The Muve Gruve device sounds very similar to another device that I posted about a few months ago, check out the human audit trail related reading below. This one get on the intrusive technology list for one big reason, right from the company web page, it is targeted at risk management to help promote use through employers for employees to lose weight through lower premiums.  I would personally prefer to see an item as such marketed to the individual to encourage use and the ability to lose weight and not a big brother type of device with strings attached to have an employer breathing down your back and blame you for the higher insurance group rates paid if you did not meet your goals, think about it.  No that is not the way it is supposed to be, but how many things are the way they are supposed to be, in reality with all transparency and honestly if we all think about it, that is probably pretty close as to the scenario it will create.  Next thing, you will find yourself fired and the employer will justify as you were the cause of their higher premium rates.  image Not to mention, this devices buzzes and bugs you when you are inactive too. 

Or, there’s on other possibility of being given a Health Coach, who will encourage and show you how to lose weight, although some of the programs have been questioned of late as they may conflict with what your primary care doctor may be recommending, the Coach is there for the money, the doctor is there for your health. 
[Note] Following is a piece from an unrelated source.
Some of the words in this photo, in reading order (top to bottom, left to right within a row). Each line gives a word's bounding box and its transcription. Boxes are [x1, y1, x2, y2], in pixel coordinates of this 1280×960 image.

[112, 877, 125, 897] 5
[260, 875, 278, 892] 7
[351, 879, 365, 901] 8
Read what these poor kids in the UK are having to deal with, heart monitors to help them deal with their anger, no time to be a kid with a human role model, get your learning from the device and learn to behave yourself?  Schoolchildren given heart-rate monitors to curb anti-social behavior.  BD

Intrusive Technology?

Dr. Jim Levine of the Mayo clinic discovered that if people are active throughout the day by being reminded to move or stop being inactive they could keep their metabolism from shutting down and therefore be able to lose unwanted weight. Through his research he strove to better understand the benefits of non-exercise activity thermogenesis (NEAT) and came up with the concept for a wearable device.

He determined the key was a system that could calculate an individual's metabolic pattern and measure calorie burn throughout a day's activity and then relay targeted caloric intake to the user. He needed a device that not only monitored and measured an individual's every movement in a 24-hour period but also prompt the individual to get up and initiate activity before their metabolism slows. The Pelegrin Partners licensed Dr. Levine's technology and founded the company to take this important weight management opportunity into commercial practice.
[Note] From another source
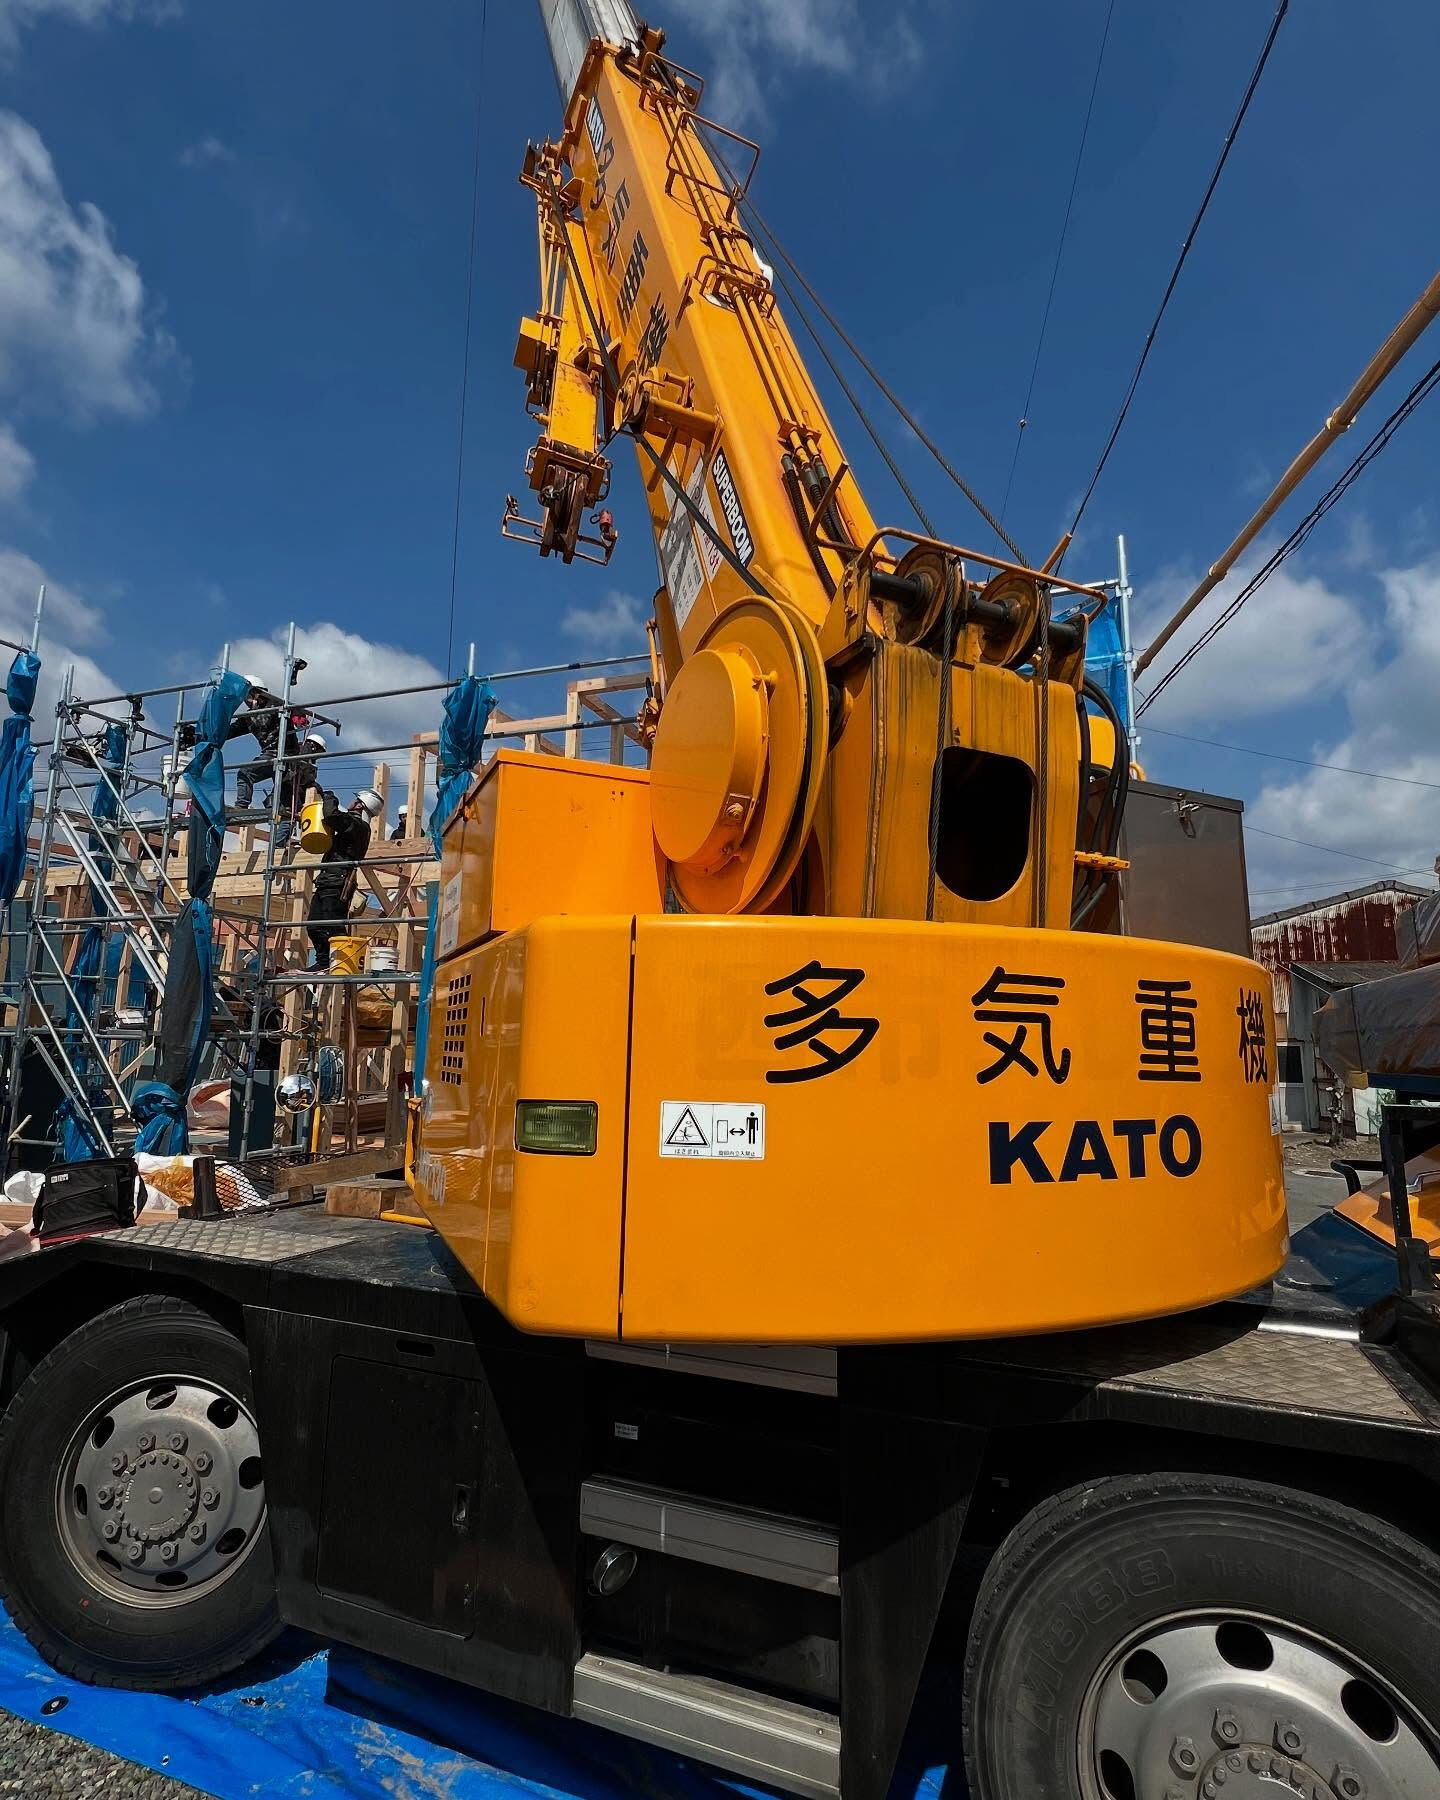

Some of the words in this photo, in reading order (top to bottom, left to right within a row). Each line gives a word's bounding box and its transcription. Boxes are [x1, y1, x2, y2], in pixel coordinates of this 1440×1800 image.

The clip on the Gruve was designed to integrate into the shape of the device and function on virtually any type of clothing or belt to be unobtrusive to the user. The Gruve uses vibration to notify the user it is time to get moving.

A targeted customer base is corporations looking to explore the possibility of reducing the cost of insurance premiums by improving peoples health through prevention rather that treatment and those who need that extra reminder to get up and at it to stay fit.

Worrell | Muve Gruve

Hat Tip:  Medgadget

Related Reading:

The Human Audit Trail to automatically track your fitness and sleep and a few other things…

The Wellness Programs: Payouts to Those Who Work Out - Insurers give discounts on premiums

High-tech gadgets hit doctor-patient relationships and more..

Intel Home Health Monitor PHS 5000 is here

2009: The Year We all Reboot and find some better filters to enhance life..

Allstate testing “brain fitness” software on older drivers
When Pay for Performance and $4.00 Generic Prescriptions Hit the Wall
Discrimination and Health Insurance: Big Brother in the Workplace and Beyond


  1. (I realize I'm reviving a year-old post, but...)

    The Gruve gadget was recently featured in the Amazon Gold Box. I have to admit that I did not consider the pitch to corporate Big Brother--that's pretty creepy. In any case, I'm not sure there's much to worry about.

    Since 9/3/10, the date of the Gold Box deal, there has been a stream of mostly negative Amazon reviews. It seems the install software is touchy, and the Gruve website is definitely in the running for Websites That Suck (go visit and see if you can figure out how to read the FAQs, for instance).

    Robert Gauthier, Muve's VP of Business Development, is trying to put out the fire with gasoline--commenting on each negative review that the reviewer is either lying or too lazy/stupid/ornery to contact customer support. (Several reviewers have noted that the phone number is difficult to find and staffed only with a voicemail message.)

    With friends like that, Gruve doesn't need enemies. Good product (in theory), bad execution.